#### DATA UNDER STUDY

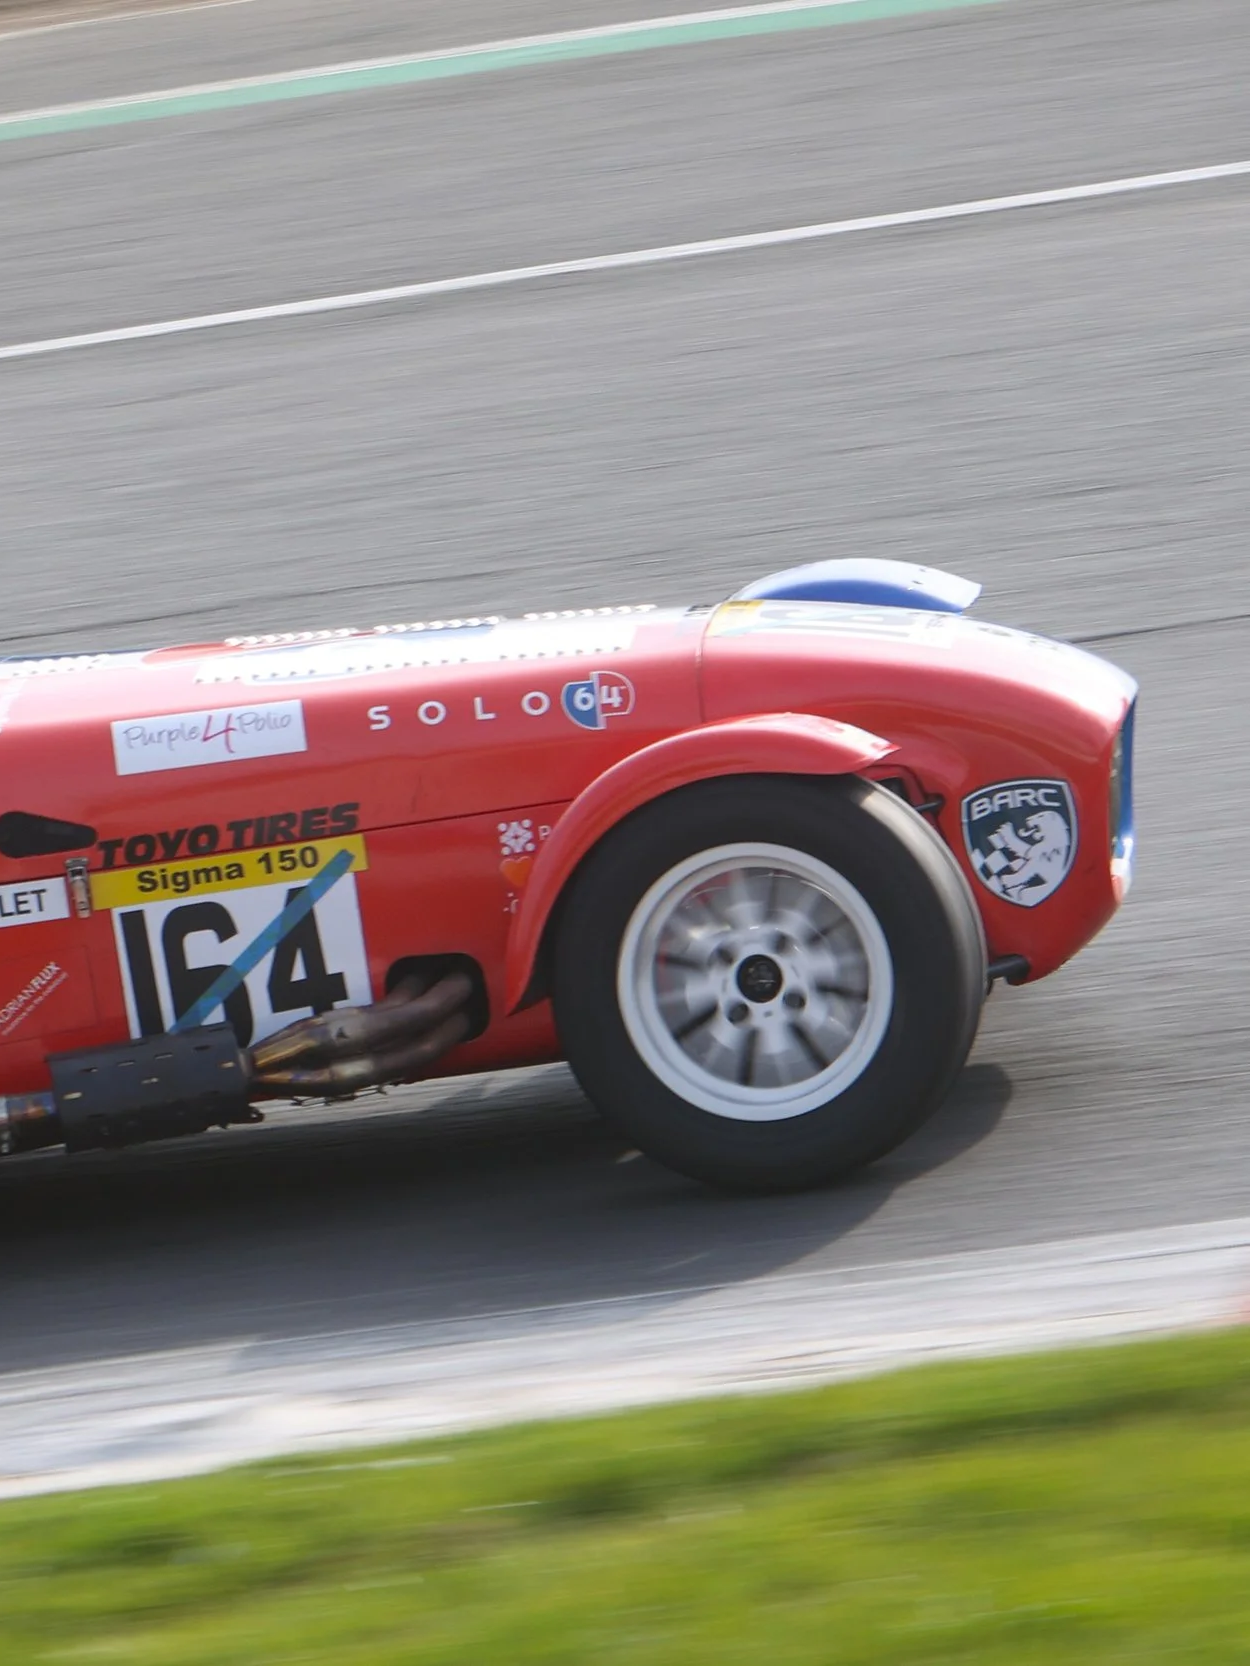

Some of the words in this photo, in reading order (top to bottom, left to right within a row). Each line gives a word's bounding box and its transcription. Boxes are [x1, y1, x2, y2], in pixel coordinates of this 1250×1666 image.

[367, 691, 551, 731] SOLO
[573, 685, 625, 712] 64
[970, 788, 1062, 821] BARC
[97, 824, 220, 869] TOYO
[227, 802, 360, 848] TIRES
[137, 860, 245, 894] Sigma
[257, 846, 320, 875] 150
[119, 885, 348, 1048] 164
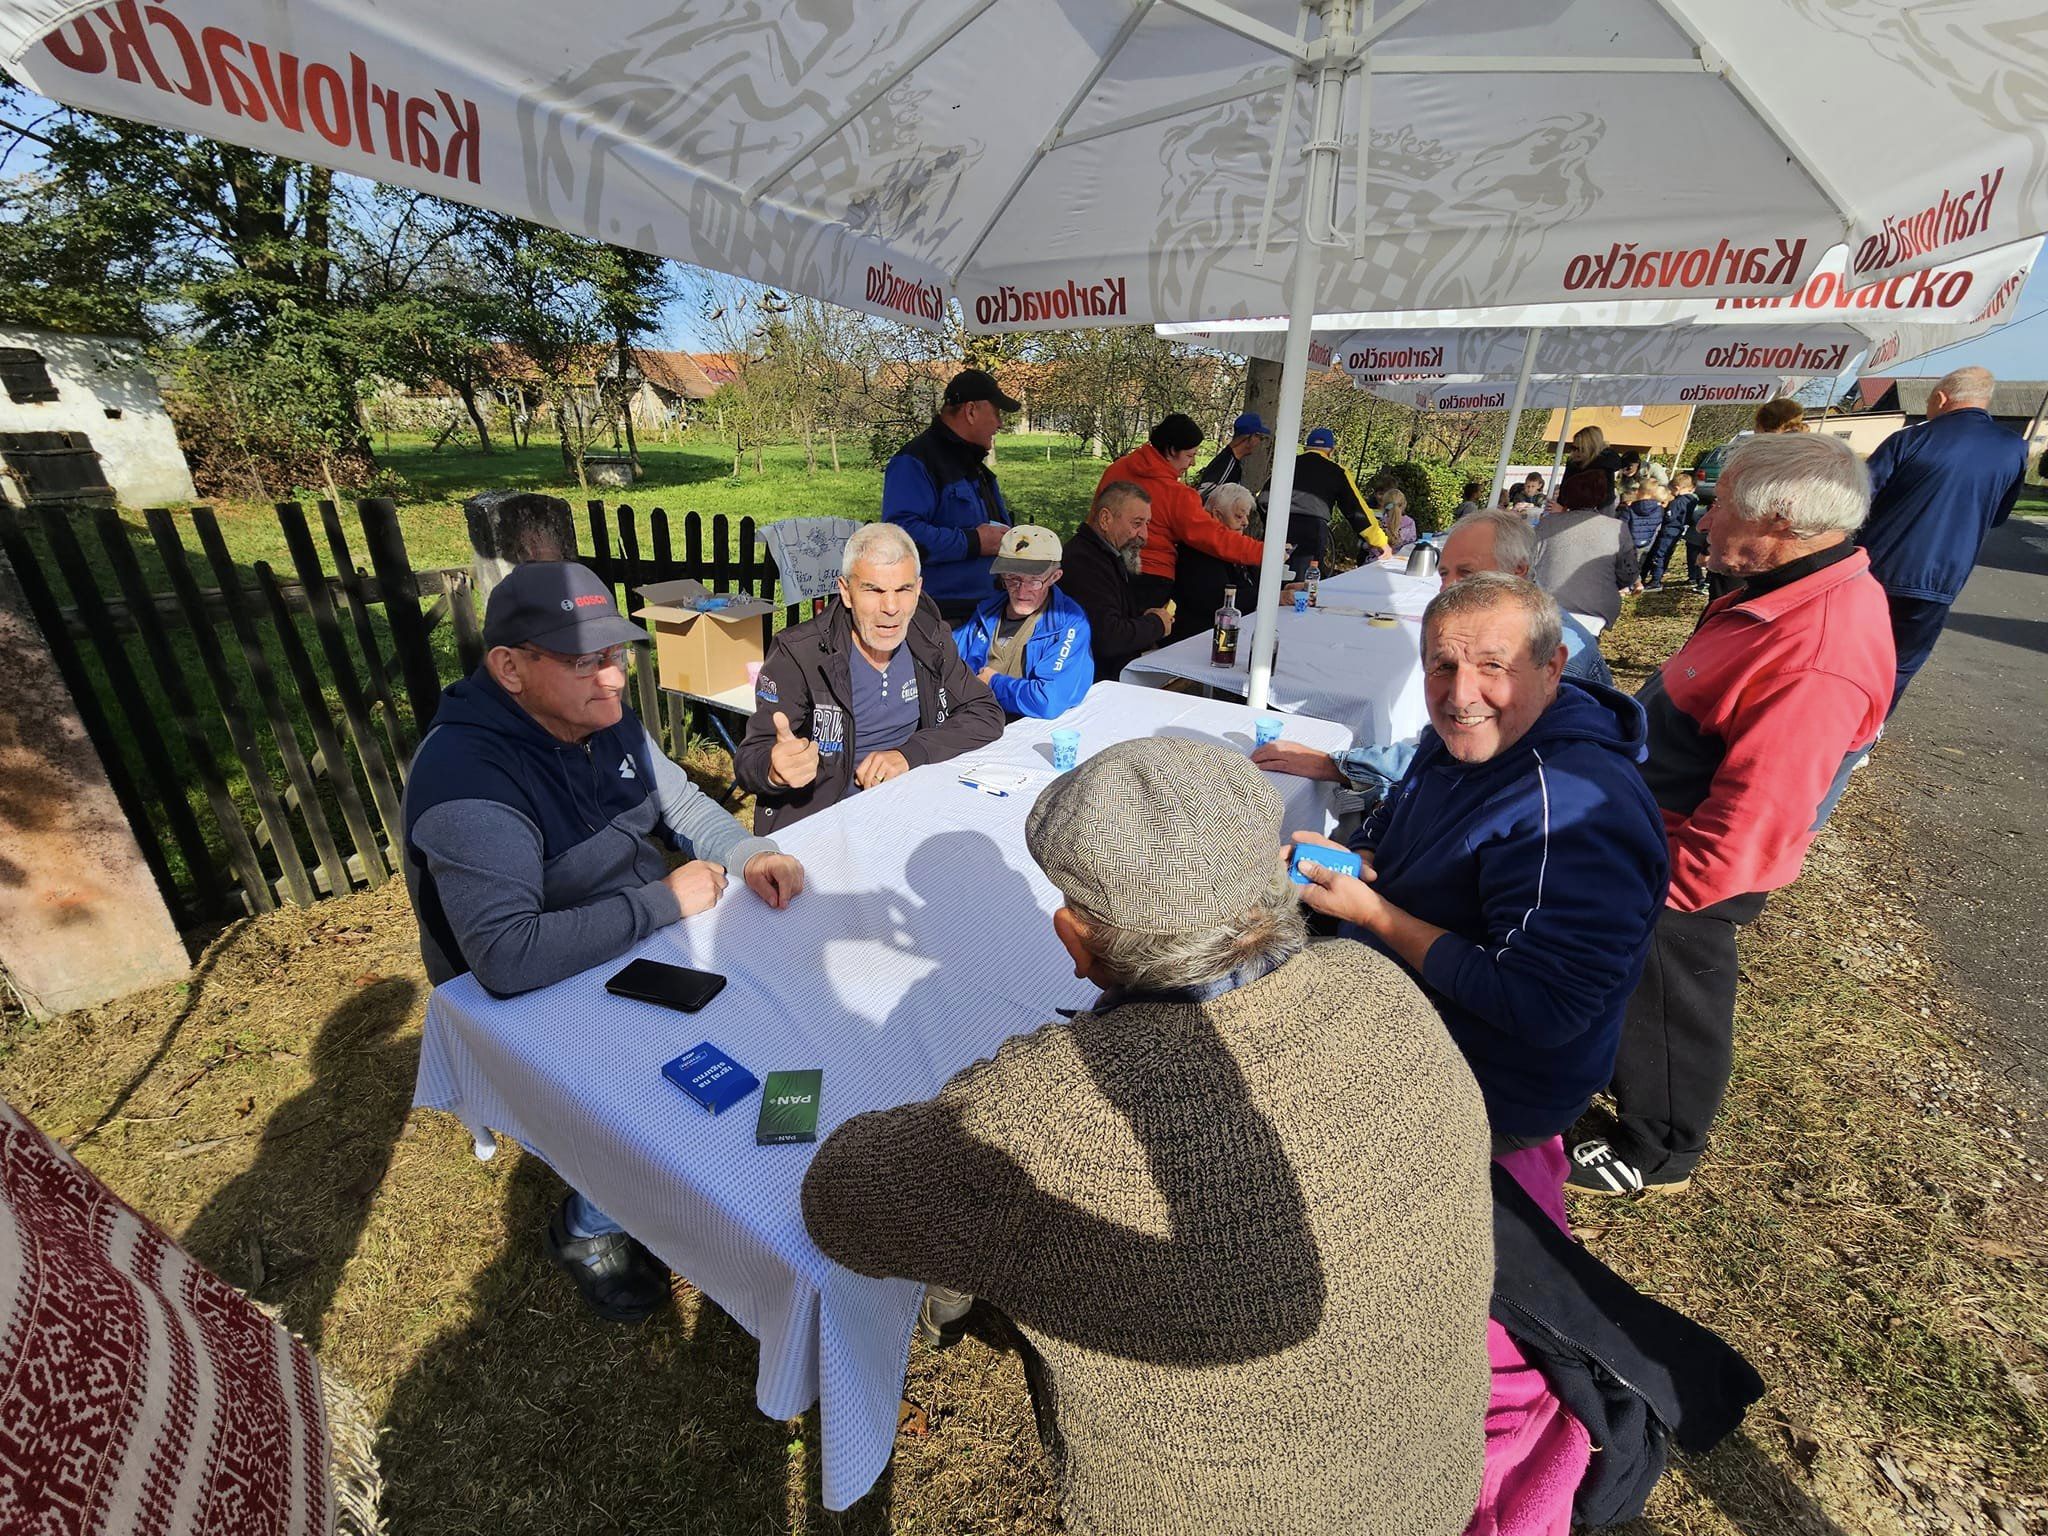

########

- TASK BRIEF
Here the job is to repeat the entries verbatim while leaving all pictures out.

- EXERCISE OUTPUT
Some of the words in this photo, in reading order (top to bottom, left to right within a row). Each line gives a word's bounding box and its transcription. Boxes are [x1, y1, x2, y2], in pixel coordinates of this 1250×1666 image.

[367, 691, 551, 731] SOLO
[573, 685, 625, 712] 64
[970, 788, 1062, 821] BARC
[97, 824, 220, 869] TOYO
[227, 802, 360, 848] TIRES
[137, 860, 245, 894] Sigma
[257, 846, 320, 875] 150
[119, 885, 348, 1048] 164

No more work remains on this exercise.